Seelengrund oder Seelenfunke (lat. Scintilla animae) ist ein Begriff der spätmittelalterlichen Philosophie und Spiritualität, der auch in frühneuzeitlicher geistlicher Literatur vorkommt. Der von Meister Eckhart († 1327/1328) geprägte Ausdruck bezeichnet in einem übertragenen Sinn einen „Ort“ in der menschlichen Seele, an dem nach spirituellen Lehren Gott oder die Gottheit anwesend ist und eine Vereinigung der Gottheit mit der Seele zustande kommen kann.

Übersicht

Schon in der Antike trugen Philosophen und Theologen Thesen vor, die später zu Voraussetzungen und Bestandteilen der mittelalterlichen Lehren vom Seelengrund wurden. Auch die einschlägige mittelalterliche Terminologie geht auf Begriffe dieser Denker zurück. Antike stoische und neuplatonische Philosophen waren der Überzeugung, es gebe in der menschlichen Seele eine steuernde Instanz, die der göttlichen, das Weltall lenkenden Macht analog oder wesensgleich sei. Damit wurde die Möglichkeit einer Verbundenheit sterblicher und irrtumsanfälliger Menschen mit dem Bereich des Ewigen, Göttlichen und absolut Wahren begründet. Kirchenschriftsteller griffen philosophische Konzepte vom Verhältnis zwischen Gott und der Seele auf und formten sie in christlichem Sinne um. Der Kirchenvater Augustinus nahm an, es gebe in der Tiefe des menschlichen Geistes einen Bereich, das abditum mentis, in dem ein verborgenes apriorisches Wissen liege.

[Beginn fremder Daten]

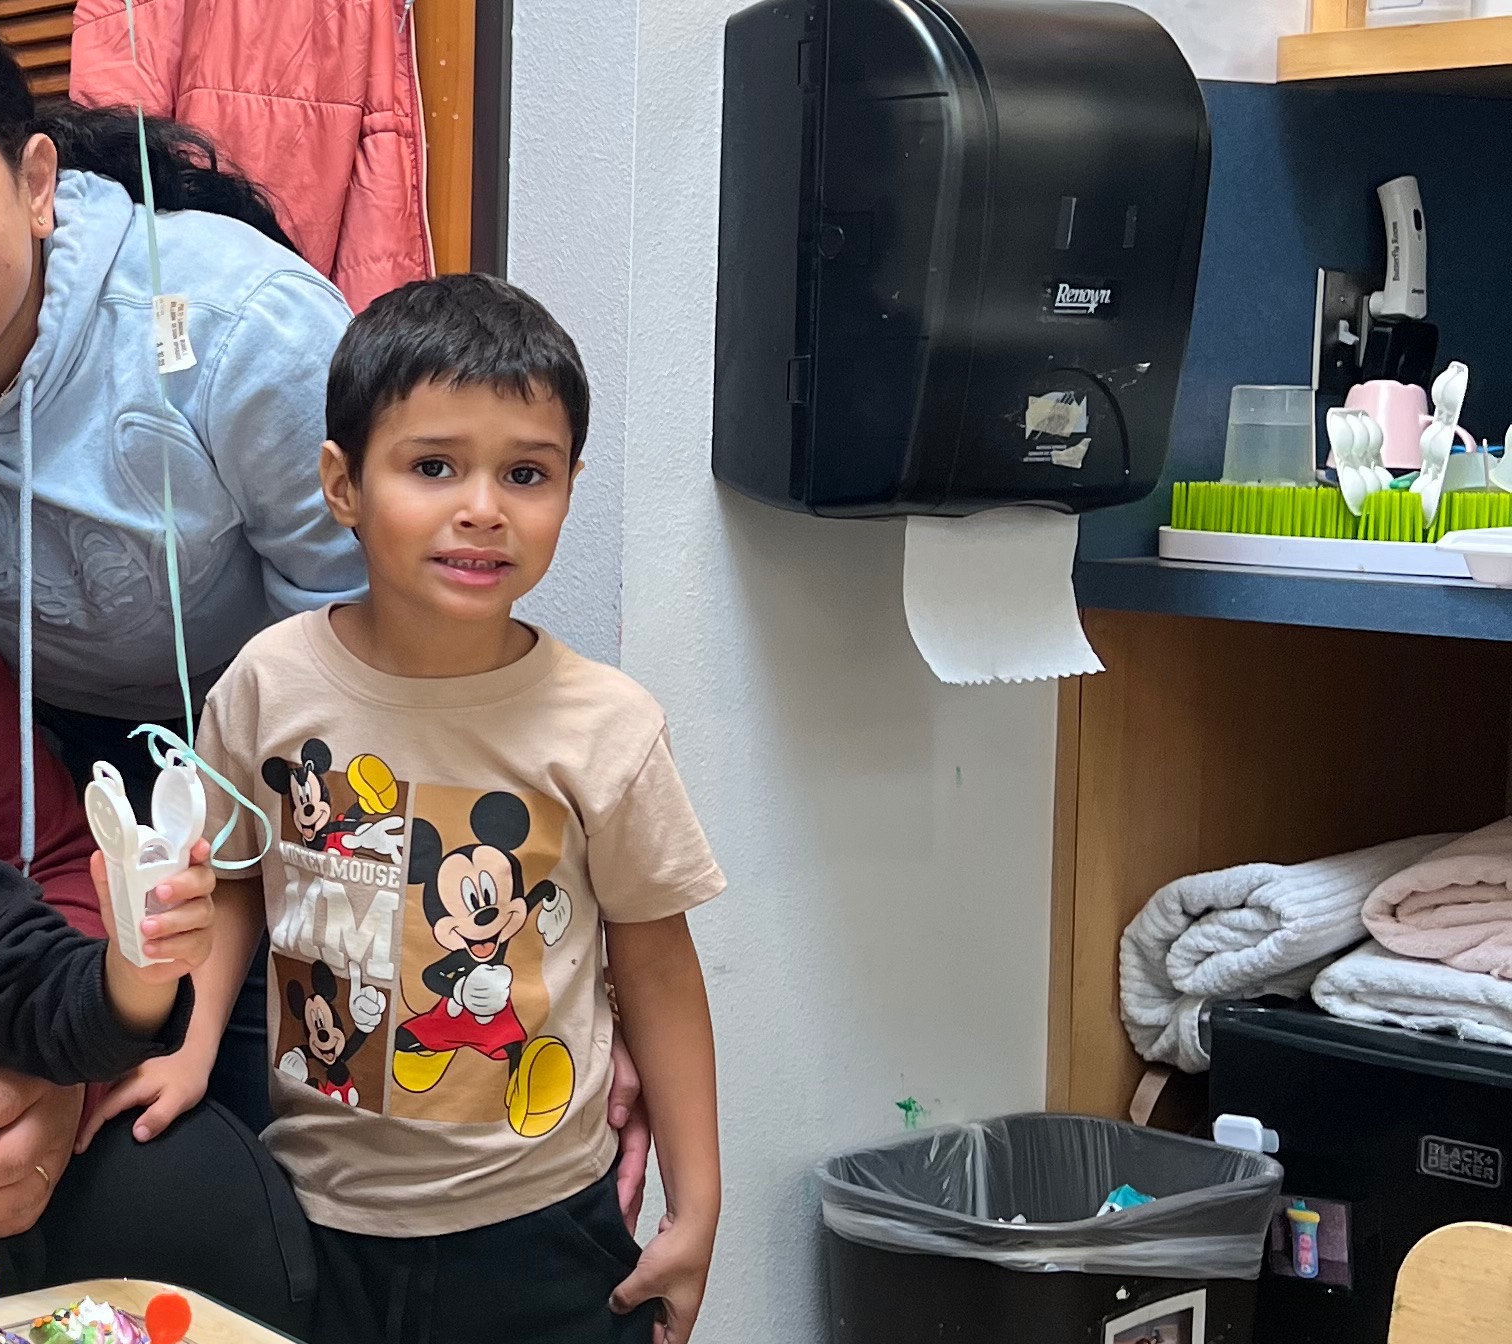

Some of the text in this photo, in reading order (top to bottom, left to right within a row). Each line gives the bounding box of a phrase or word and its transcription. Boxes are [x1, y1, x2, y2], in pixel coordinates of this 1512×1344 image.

[1056, 283, 1111, 304] Renown
[329, 856, 402, 889] MOUSE
[1428, 1156, 1494, 1182] DECKER

Im 12. Jahrhundert wurden Konzepte entwickelt, nach denen im innersten Bereich der Seele eine Betrachtung Gottes möglich ist, doch erst im Spätmittelalter entstand eine ausgeformte Lehre von der Einheit der Seele mit der Gottheit im Seelengrund. Ihr Urheber war Meister Eckhart, der sich auf Augustinus berief, aber in erster Linie seine eigene unkonventionelle, für damalige Verhältnisse anstößige Lehre vom Göttlichen in der menschlichen Seele verkündete. Er behauptete, es gebe in der Seele ein Innerstes von göttlicher Qualität, das er „Grund“ nannte. Der Seelengrund gehöre nicht zur Schöpfung, sondern stehe über allem von Gott Geschaffenen. Er sei absolut einfach und frei von allen einschränkenden Bestimmungen und unterscheide sich nicht von der „Gottheit“, dem überpersönlichen Aspekt des Göttlichen. Alles Geschaffene sei nichtig und habe keinen Zugang zu Gott; im ungeschaffenen, überzeitlichen Seelengrund hingegen sei eine Gotteserfahrung möglich, denn dort sei die Gottheit immer präsent. Diese Erfahrung bezeichnete Eckhart als „Gottesgeburt“ im Seelengrund. Die Voraussetzung dafür sei „Abgeschiedenheit“: Die Seele müsse sich mit äußerster Konsequenz von allem lösen, was sie von der göttlichen Einfachheit und Undifferenziertheit in ihrem Innersten ablenke.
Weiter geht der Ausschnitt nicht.